4.3.3. Canadian Arctic Archipelago
 Total volume fluxes through the three main passages of the Canadian Archipelago have been variously estimated through both models and observations to be 0.7–2.8 Sv [Fissel et al., 1988; Muench, 1971; Prinsenberg and Hamilton, 2005; Rudels, 1986; Steele et al., 1996]. Assessments of the arctic freshwater budget [Aagaard and Carmack, 1989; Dickson et al., 2007; Serreze et al. 2006] suggest that freshwater flows associated with these volume fluxes (29–110 mSv) rival or exceed that of sea-ice (70–92 mSv) and freshened seawater (20–95 mSv) passing through Fram Strait. Owing to data limitations, differences in the literature between estimates for fluxes through the Canadian Archipelago through at least 2006 should be understood as the result of uncertainties in approach rather than true changes over time.

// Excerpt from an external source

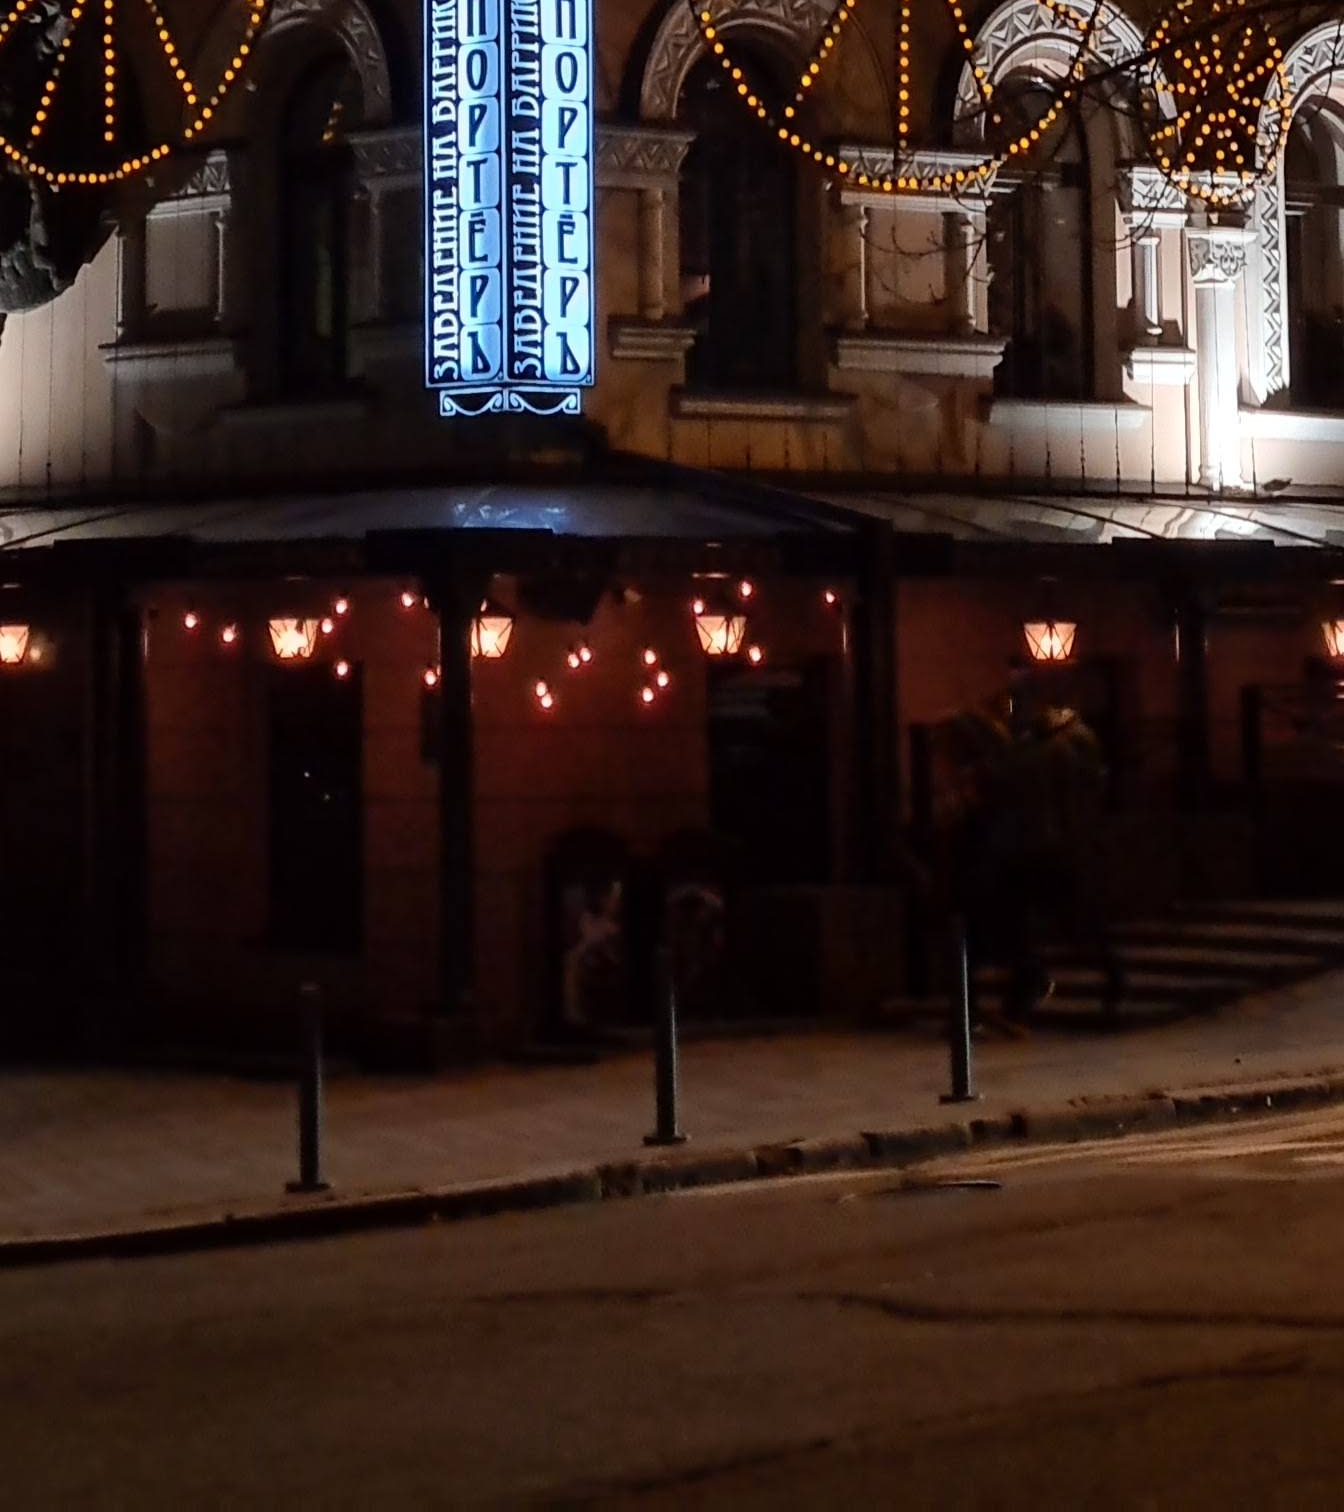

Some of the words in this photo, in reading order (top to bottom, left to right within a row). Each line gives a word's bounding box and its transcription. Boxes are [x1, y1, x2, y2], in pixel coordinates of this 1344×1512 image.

 While existing observational times series are insufficient to establish whether there are any trends in fluxes through the passages, clear signals of change can be gleaned from regional hydrography. Through examination of historical temperature and salinity data for Baffin Bay, researchers have shown that there has been a significant warming of waters at and below the Davis Strait sill depth and a freshening of waters above 250 m [Zweng and Münchow, 2006] over the 1916–2003 period. The heat appears to originate from warming inflow in eastern Davis Strait, while the freshening derives from the arctic sources flowing through the Archipelago passages. Limited tracer hydrographic sections of the passages suggested higher summer fluxes in 1997, with respect to 1977 and 2003 (K. Falkner et al., Interannual variability of dissolved nutrients in the Canadian Archepelego and Baffin Bay with implications for freshwater flux, submitted to Journal of Geophysical Research, 2007). This may be related to atmospheric pressure changes, as the AO index was strongly positive in 1997, negative in 1977, and near neutral in 2003. Moored time series measurements currently underway should help reveal the nature of atmospheric and sea level connections to flux change.
4.3.4. Davis Strait
 Arctic waters exiting Davis Strait have undergone numerous transformations during transit through the Canadian Arctic Archipelago and Baffin Bay systems, including terrestrial inputs from Baffin Island and Greenland, an annual average atmospheric heat loss of roughly 70 Wm−2, brine and freshwater inputs from sea ice production and melting, and mixing with the underlying warmer, more saline Atlantic waters [Rudels, 1986]. Changes within these elements of the arctic freshwater system manifest as variability in this integrated outflow. Because Davis Strait is the dominant freshwater source for the Labrador Sea [Lazier and Wright, 1993; Loder et al., 1998], these changes will also be observed as water mass and circulation shifts over the shelf and central basin and, potentially, though broader changes over the North Atlantic.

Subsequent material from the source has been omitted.